→ Data:

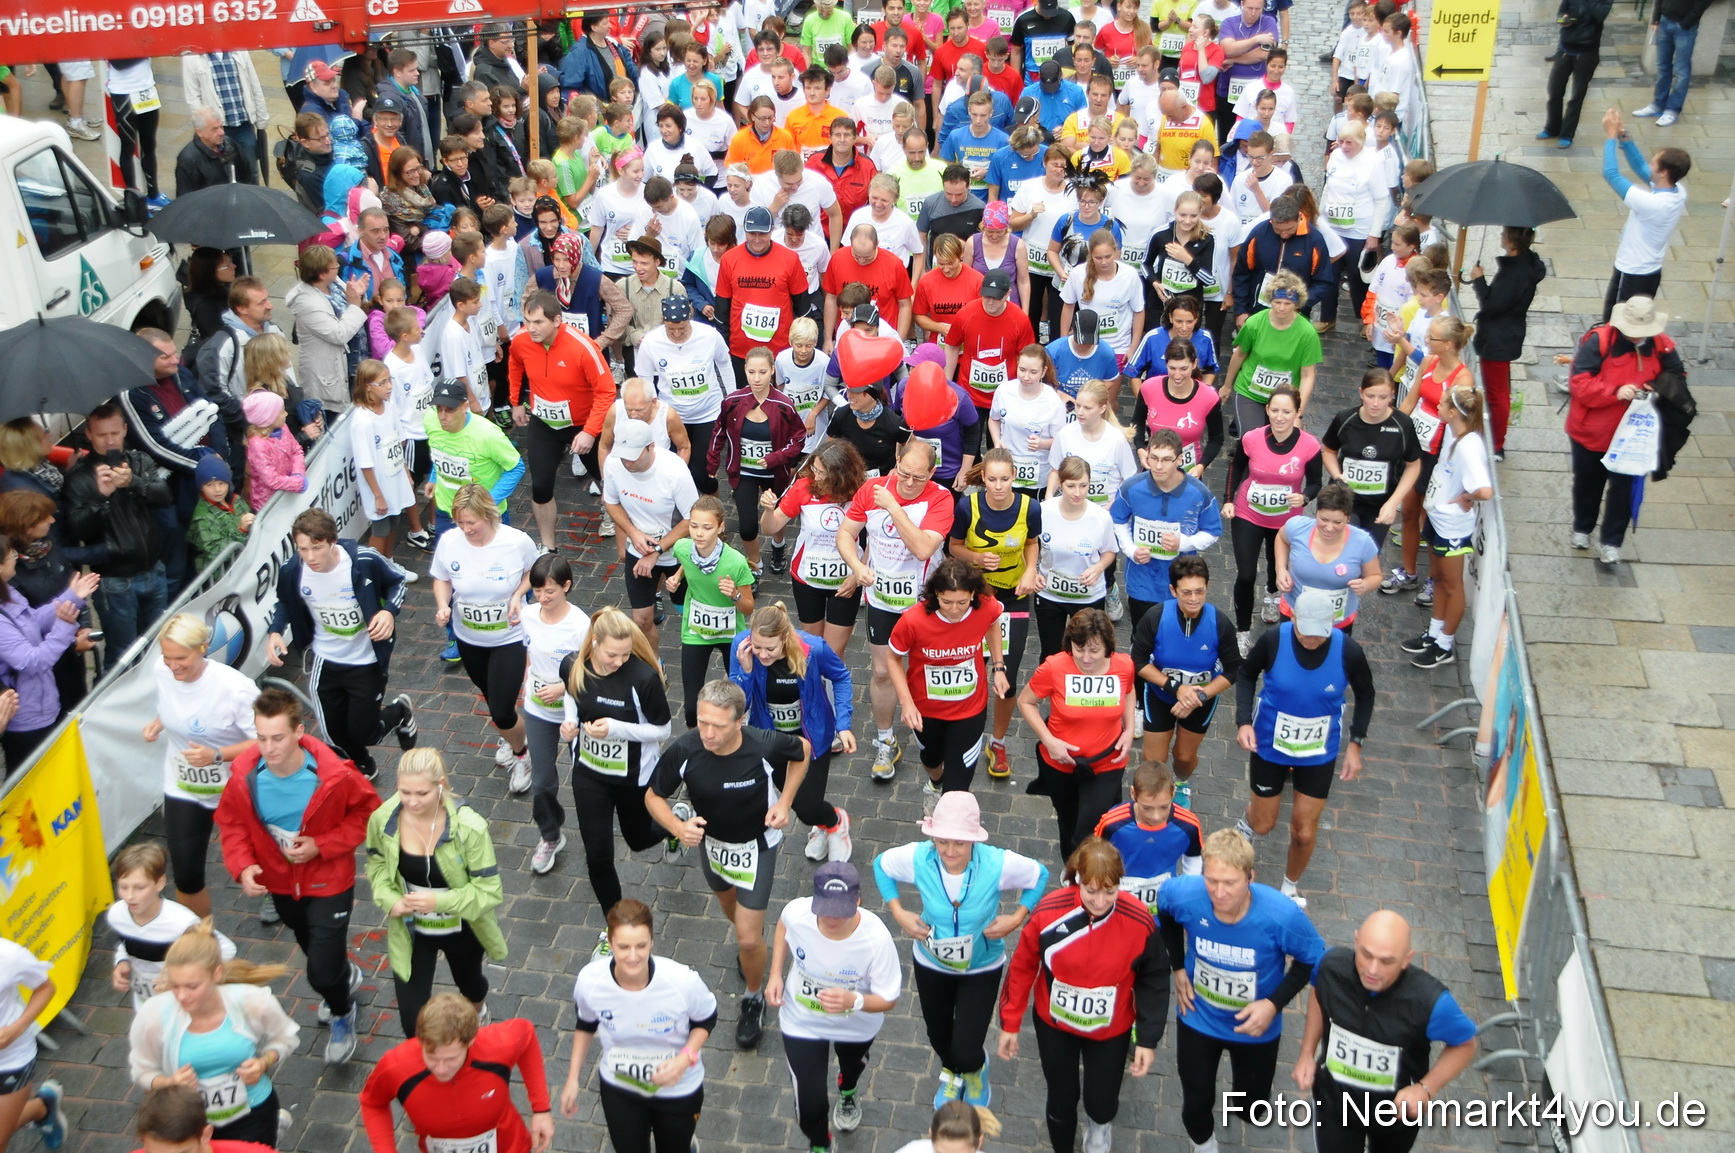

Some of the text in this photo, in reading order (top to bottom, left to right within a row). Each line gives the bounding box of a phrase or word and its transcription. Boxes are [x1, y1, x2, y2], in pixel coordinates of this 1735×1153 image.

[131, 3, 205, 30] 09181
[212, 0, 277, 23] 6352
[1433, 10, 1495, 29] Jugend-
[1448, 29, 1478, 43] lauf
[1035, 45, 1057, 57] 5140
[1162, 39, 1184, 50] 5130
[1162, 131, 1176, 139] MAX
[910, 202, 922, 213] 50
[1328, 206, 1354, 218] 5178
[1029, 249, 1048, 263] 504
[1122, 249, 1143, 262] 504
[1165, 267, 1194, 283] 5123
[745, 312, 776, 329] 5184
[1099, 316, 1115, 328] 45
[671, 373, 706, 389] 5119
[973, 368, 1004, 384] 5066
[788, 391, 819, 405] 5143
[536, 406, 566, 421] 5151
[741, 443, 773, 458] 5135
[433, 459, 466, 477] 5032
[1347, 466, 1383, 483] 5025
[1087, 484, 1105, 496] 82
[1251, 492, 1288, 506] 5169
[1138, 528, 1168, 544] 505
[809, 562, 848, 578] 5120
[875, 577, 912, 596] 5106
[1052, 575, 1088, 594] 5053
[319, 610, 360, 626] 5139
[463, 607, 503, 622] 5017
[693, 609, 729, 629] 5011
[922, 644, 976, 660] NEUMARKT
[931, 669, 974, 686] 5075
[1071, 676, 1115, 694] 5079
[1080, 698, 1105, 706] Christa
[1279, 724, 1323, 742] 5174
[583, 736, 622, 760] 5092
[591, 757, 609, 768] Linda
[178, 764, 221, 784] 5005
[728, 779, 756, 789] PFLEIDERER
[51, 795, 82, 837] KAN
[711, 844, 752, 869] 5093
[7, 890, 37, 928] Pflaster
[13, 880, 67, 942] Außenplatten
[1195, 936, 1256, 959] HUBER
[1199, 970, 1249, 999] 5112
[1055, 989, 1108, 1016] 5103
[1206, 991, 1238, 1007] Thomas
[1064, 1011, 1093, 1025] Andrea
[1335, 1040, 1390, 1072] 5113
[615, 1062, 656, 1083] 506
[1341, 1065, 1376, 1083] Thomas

→ What is being asked: Skipping the pictures, output the entries exactly as they appear above.

→ Written solution:
Some of the text in this photo, in reading order (top to bottom, left to right within a row). Each line gives the bounding box of a phrase or word and its transcription. Boxes are [x1, y1, x2, y2], in pixel coordinates of this 1735×1153 image.

[131, 3, 205, 30] 09181
[212, 0, 277, 23] 6352
[1433, 10, 1495, 29] Jugend-
[1448, 29, 1478, 43] lauf
[1035, 45, 1057, 57] 5140
[1162, 39, 1184, 50] 5130
[1162, 131, 1176, 139] MAX
[910, 202, 922, 213] 50
[1328, 206, 1354, 218] 5178
[1029, 249, 1048, 263] 504
[1122, 249, 1143, 262] 504
[1165, 267, 1194, 283] 5123
[745, 312, 776, 329] 5184
[1099, 316, 1115, 328] 45
[671, 373, 706, 389] 5119
[973, 368, 1004, 384] 5066
[788, 391, 819, 405] 5143
[536, 406, 566, 421] 5151
[741, 443, 773, 458] 5135
[433, 459, 466, 477] 5032
[1347, 466, 1383, 483] 5025
[1087, 484, 1105, 496] 82
[1251, 492, 1288, 506] 5169
[1138, 528, 1168, 544] 505
[809, 562, 848, 578] 5120
[875, 577, 912, 596] 5106
[1052, 575, 1088, 594] 5053
[319, 610, 360, 626] 5139
[463, 607, 503, 622] 5017
[693, 609, 729, 629] 5011
[922, 644, 976, 660] NEUMARKT
[931, 669, 974, 686] 5075
[1071, 676, 1115, 694] 5079
[1080, 698, 1105, 706] Christa
[1279, 724, 1323, 742] 5174
[583, 736, 622, 760] 5092
[591, 757, 609, 768] Linda
[178, 764, 221, 784] 5005
[728, 779, 756, 789] PFLEIDERER
[51, 795, 82, 837] KAN
[711, 844, 752, 869] 5093
[7, 890, 37, 928] Pflaster
[13, 880, 67, 942] Außenplatten
[1195, 936, 1256, 959] HUBER
[1199, 970, 1249, 999] 5112
[1055, 989, 1108, 1016] 5103
[1206, 991, 1238, 1007] Thomas
[1064, 1011, 1093, 1025] Andrea
[1335, 1040, 1390, 1072] 5113
[615, 1062, 656, 1083] 506
[1341, 1065, 1376, 1083] Thomas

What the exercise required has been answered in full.